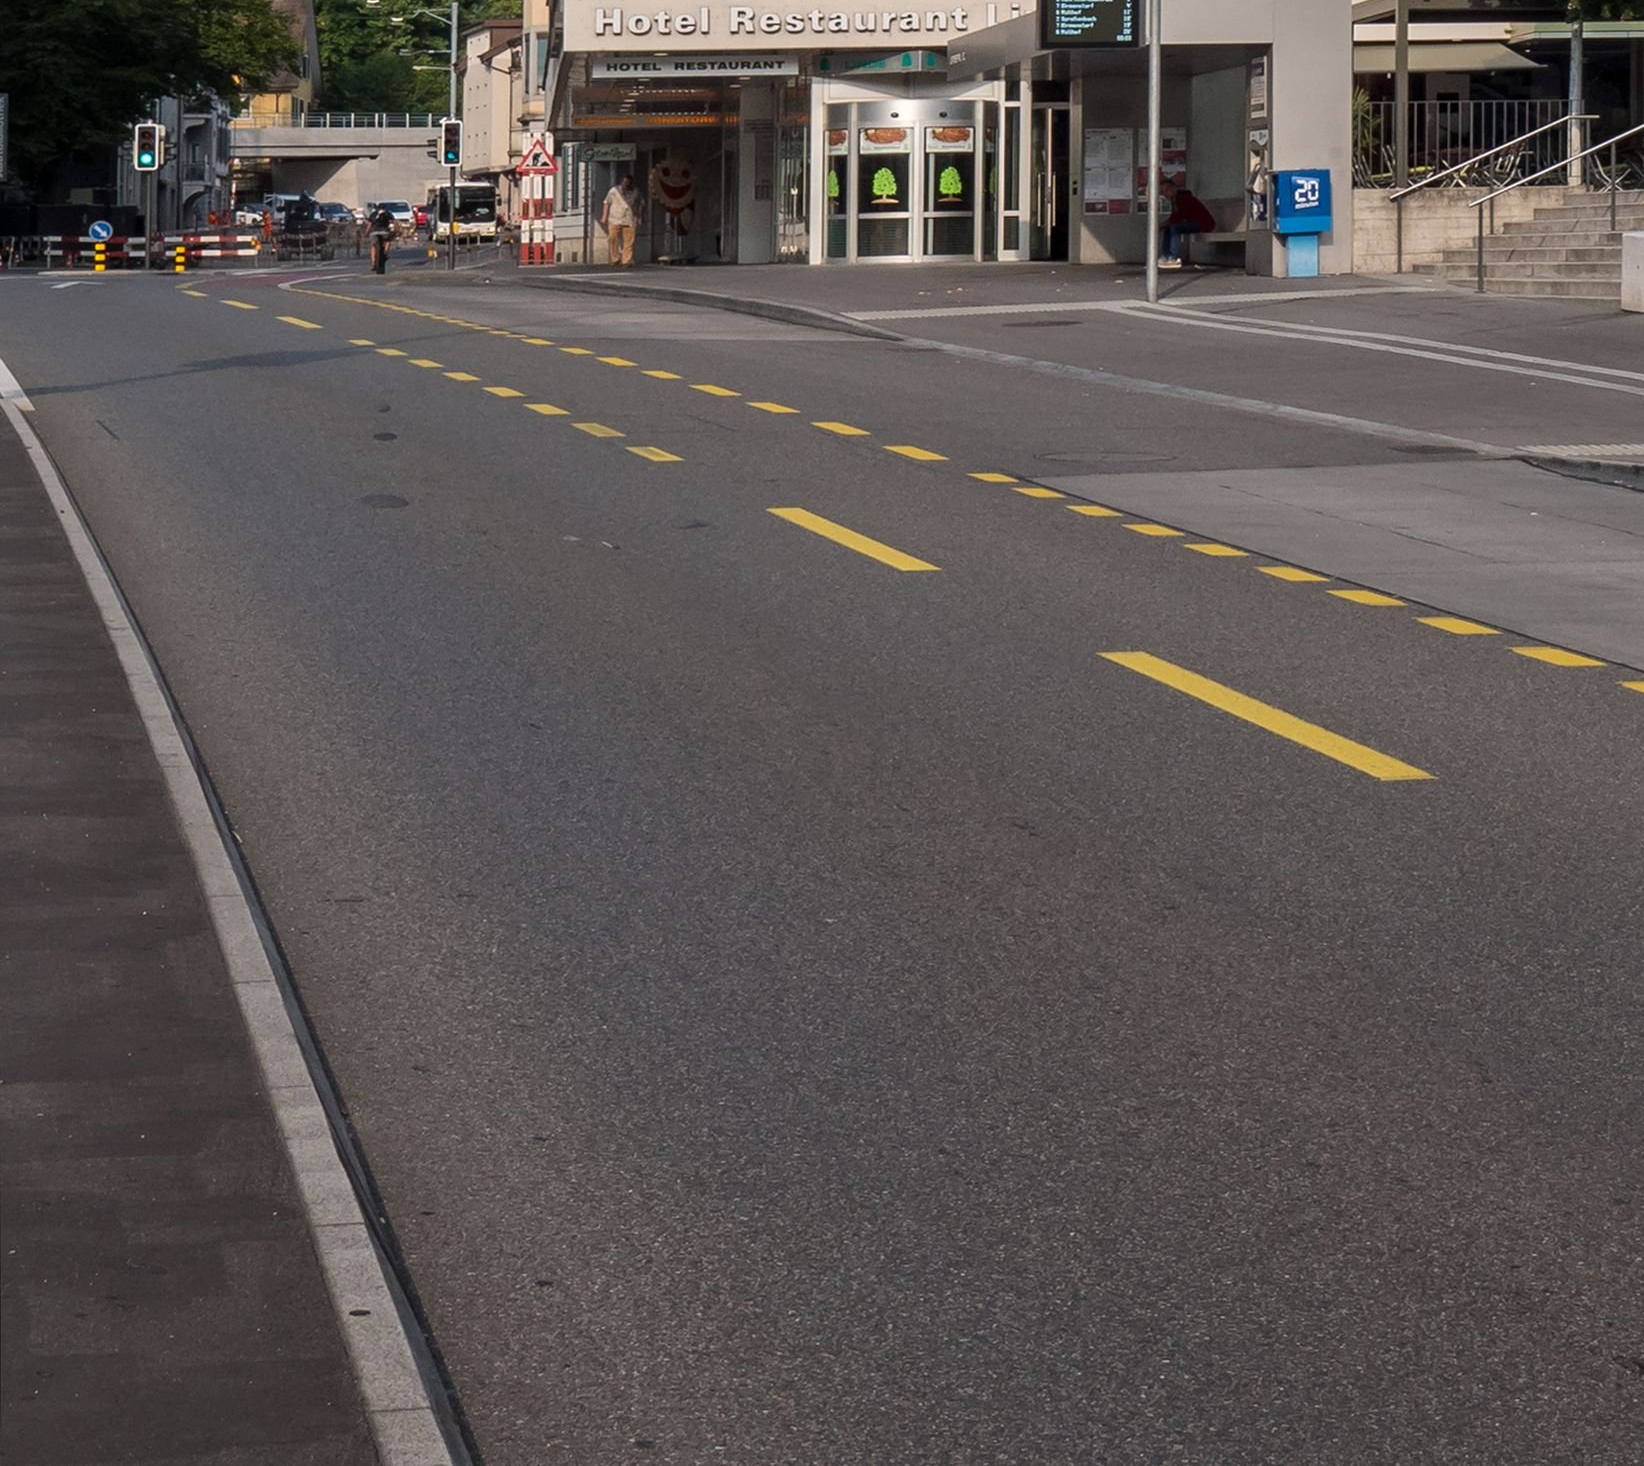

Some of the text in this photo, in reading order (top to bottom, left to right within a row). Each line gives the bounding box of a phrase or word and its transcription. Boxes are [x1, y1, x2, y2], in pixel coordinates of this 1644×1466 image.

[595, 7, 710, 36] Hotel
[729, 5, 968, 35] Restaurant
[606, 60, 785, 72] HOTEL RESTAURANT
[1294, 180, 1319, 202] 20
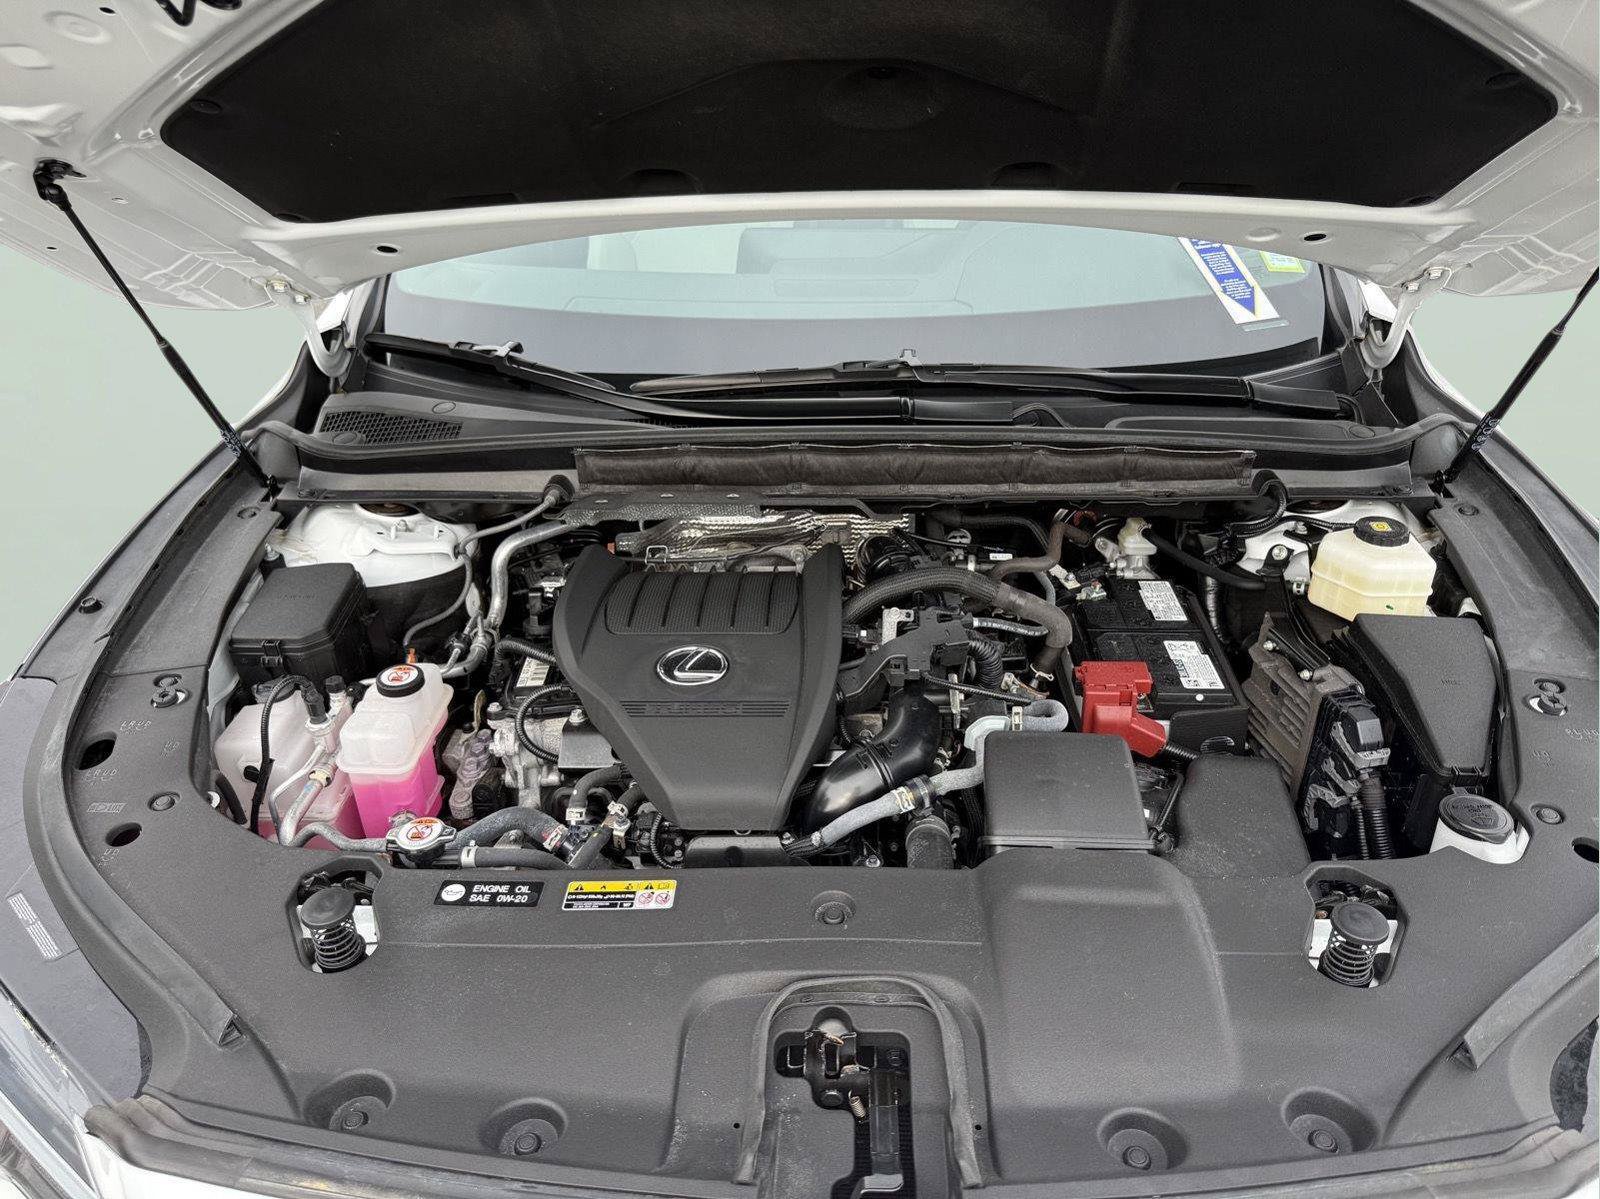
=====
Task to carry out: Your copy should match the listing exactly, apart from the pictures it leaves out.

Answer to the problem:
Some of the text in this photo, in reading order (top to bottom, left to right within a row). Each line gives the bounding box of a phrase or word and its transcription. Boxes are [x1, y1, x2, y2], in pixel coordinates of this 1644×1466 image.

[595, 7, 710, 36] Hotel
[729, 5, 968, 35] Restaurant
[606, 60, 785, 72] HOTEL RESTAURANT
[1294, 180, 1319, 202] 20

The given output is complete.